Wisdom for the Ages (Ours in Particular): Rev. Dr. Martin Luther King, Jr.

America today is in crisis.  Apart from the relentless COVID epidemic, crisis spawned by divisions.  First and foremost, divisions due to our current political differences.  But, also, divisions, that is, manufactured disunity, among race, gender, religion, national origin, etc., all of which have been purposely instilled, encouraged, and perpetuated by opposition forces (i.e., those opposed to democracy, capitalism, the Constitution as written, and the rule of law).  Calls from D.C. for national unity, if in fact they are at all sincere, fall on deaf ears as the physical and mental strains of the past year will be slow to ease.  The gaps in our divisions right now are simply too extreme to overcome with mere talk and policy pandering. It will take time and genuine inspired leadership, whether from an Oval Office teleprompter, lectern, pulpit or other sources of hoped-for public understanding and comfort.

The one great American, were he yet alive today, who could so effectively have helped close those division gaps, is the Reverend Doctor Martin Luther King, Jr.  A native of Georgia, this amazing, compassionate man taught us to look first to a person’s character, rather than the color of his or her skin.  His superbly intelligent wisdom echoes in our midst still today.  And, particularly, today with all of the dissention and broken trust that seems to consume us.  As such, it seemed like the right time to look back and share but a few examples of his ever-brilliant truth-for-the-ages advice.

Dr. King wrote and spoke the following:

“Man must evolve for all human conflict a method which rejects revenge, aggression, and retaliation.  The foundation of such a method is love.”

“We must develop and maintain the capacity to forgive.  He who is devoid of the power to forgive is devoid of the power to love.  There is some good in the worst of us, and some evil in the best of us.  When we discover this, we are less prone to hate our enemies.”

“The function of education is to teach one to think intensively and to think critically.  Intelligence plus character – that is the goal of true education.”

“Nothing in all the world is more dangerous than sincere ignorance and conscientious stupidity.”

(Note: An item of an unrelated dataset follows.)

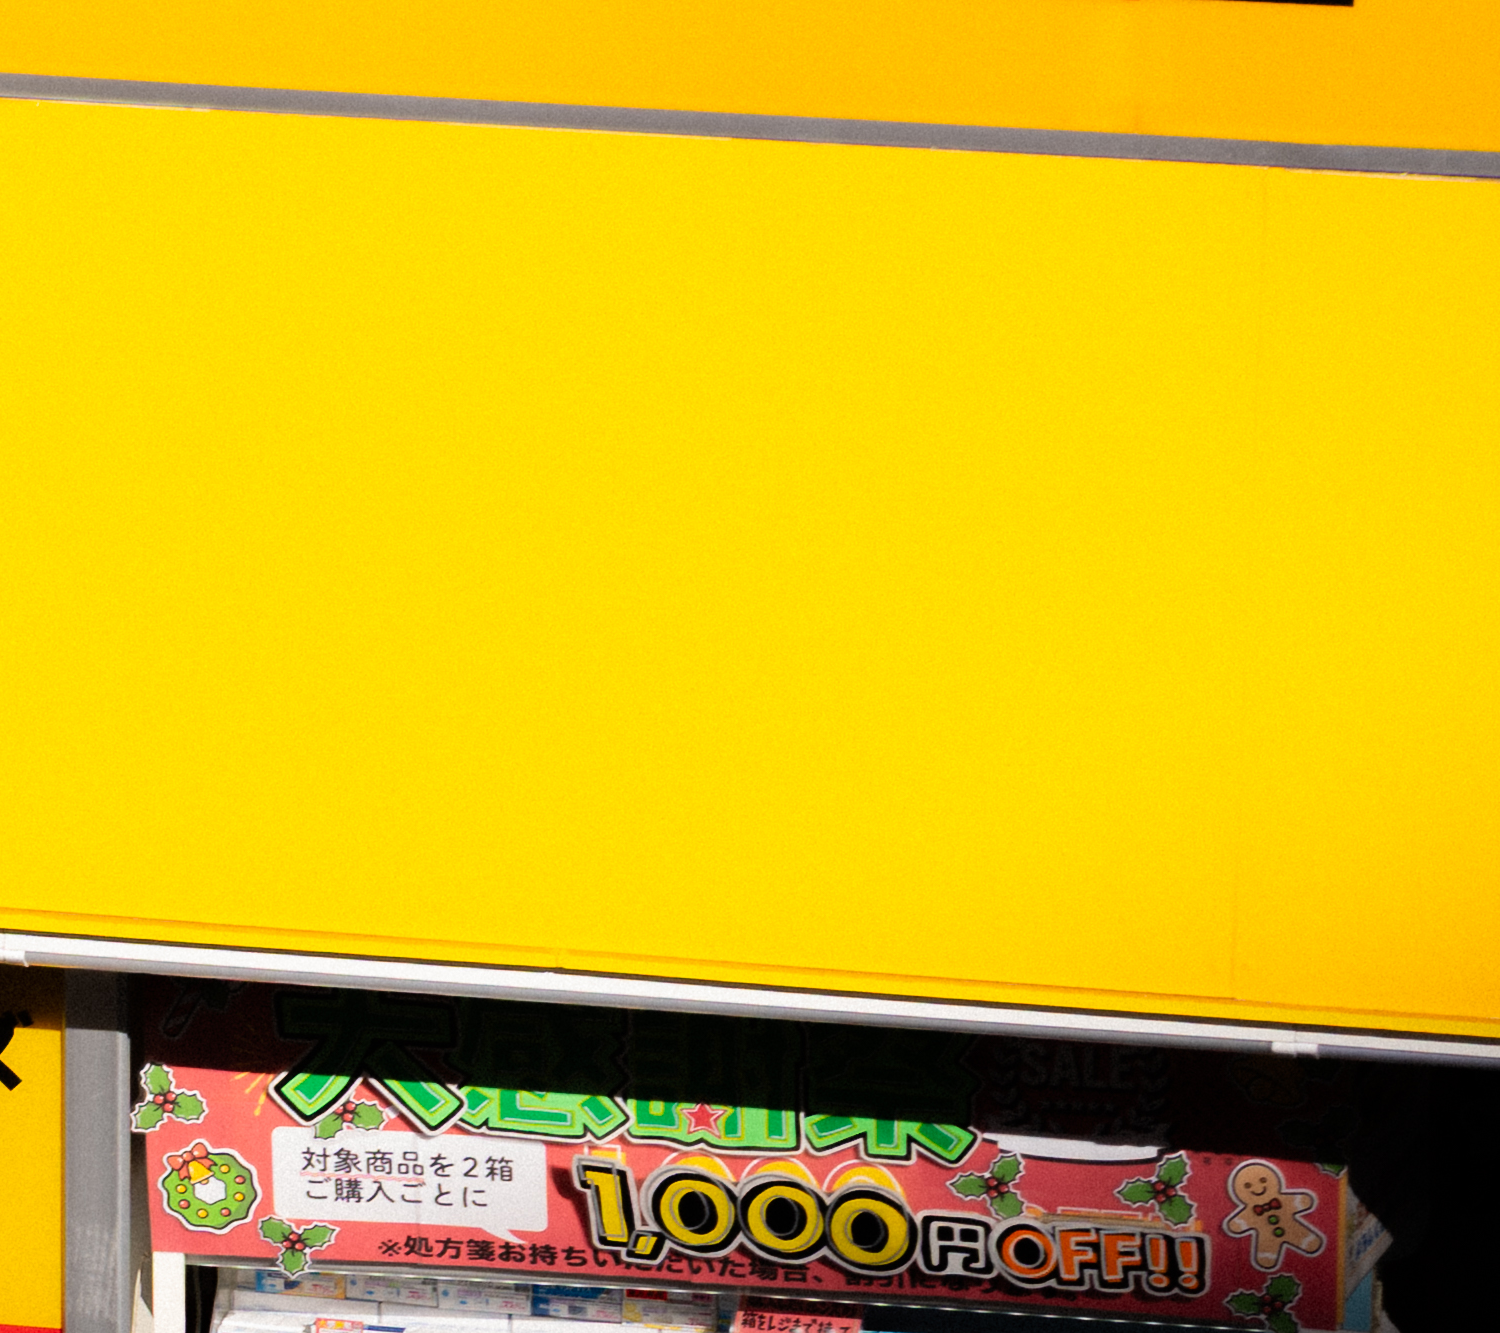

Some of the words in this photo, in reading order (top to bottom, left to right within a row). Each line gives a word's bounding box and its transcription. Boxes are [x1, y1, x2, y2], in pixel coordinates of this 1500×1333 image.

“Rarely do we find men (and women) who willingly engage in hard, solid thinking.  There is an almost universal quest for easy answers and half-baked solutions.  Nothing pains some people more than having to think.”

“People fail to get along because they fear each other.  They fear each other because they don’t know each other.  They don’t know each other because they have not communicated with each other.”

“We must use time creatively, in the knowledge that the time is always ripe to do right.”

“Our lives begin to end the day we become silent about things that matter.”

“I’m not interested in power for power’s sake, but I’m interested in power that is moral, that is right, that is good.”

“Never be afraid to do what’s right, especially if the well-being of a person or animal is at stake.  Society’s punishments are small compared to the wounds we inflict on our soul when we look the other way.”

“There comes a time when one must take a position that is neither safe nor politic nor popular, but one must take it because his conscience tells him it is right.”

“We must build dikes of courage to hold back the flood of fear.”

“That old law about ‘an eye for an eye’ leaves everybody blind.  The time is always right to do the right thing.”

“If you can’t fly, then run.  If you can’t run, then walk.  If you can’t walk, then crawl.  But whatever you have to do, you have to keep moving forward.”

Those elements of Dr. King’s guidance are but a few of his once constant outpouring of useful, accurate wisdom.  As his annual Remembrance Day approaches, we give thanks for his enormously impactful time with us here on earth, and pay special tribute to a great, learned man who truly loved his country and our God.  May this sampling of his deep thoughts provide at least some momentary relief from the concerns and the upheaval currently faced by our nation and the citizenry of America.  Choose solid character.  All else is something less.


(Reverend Doctor Martin Luther King, Jr. selected quotes via keepinspiring.me, Hannah Hutyra).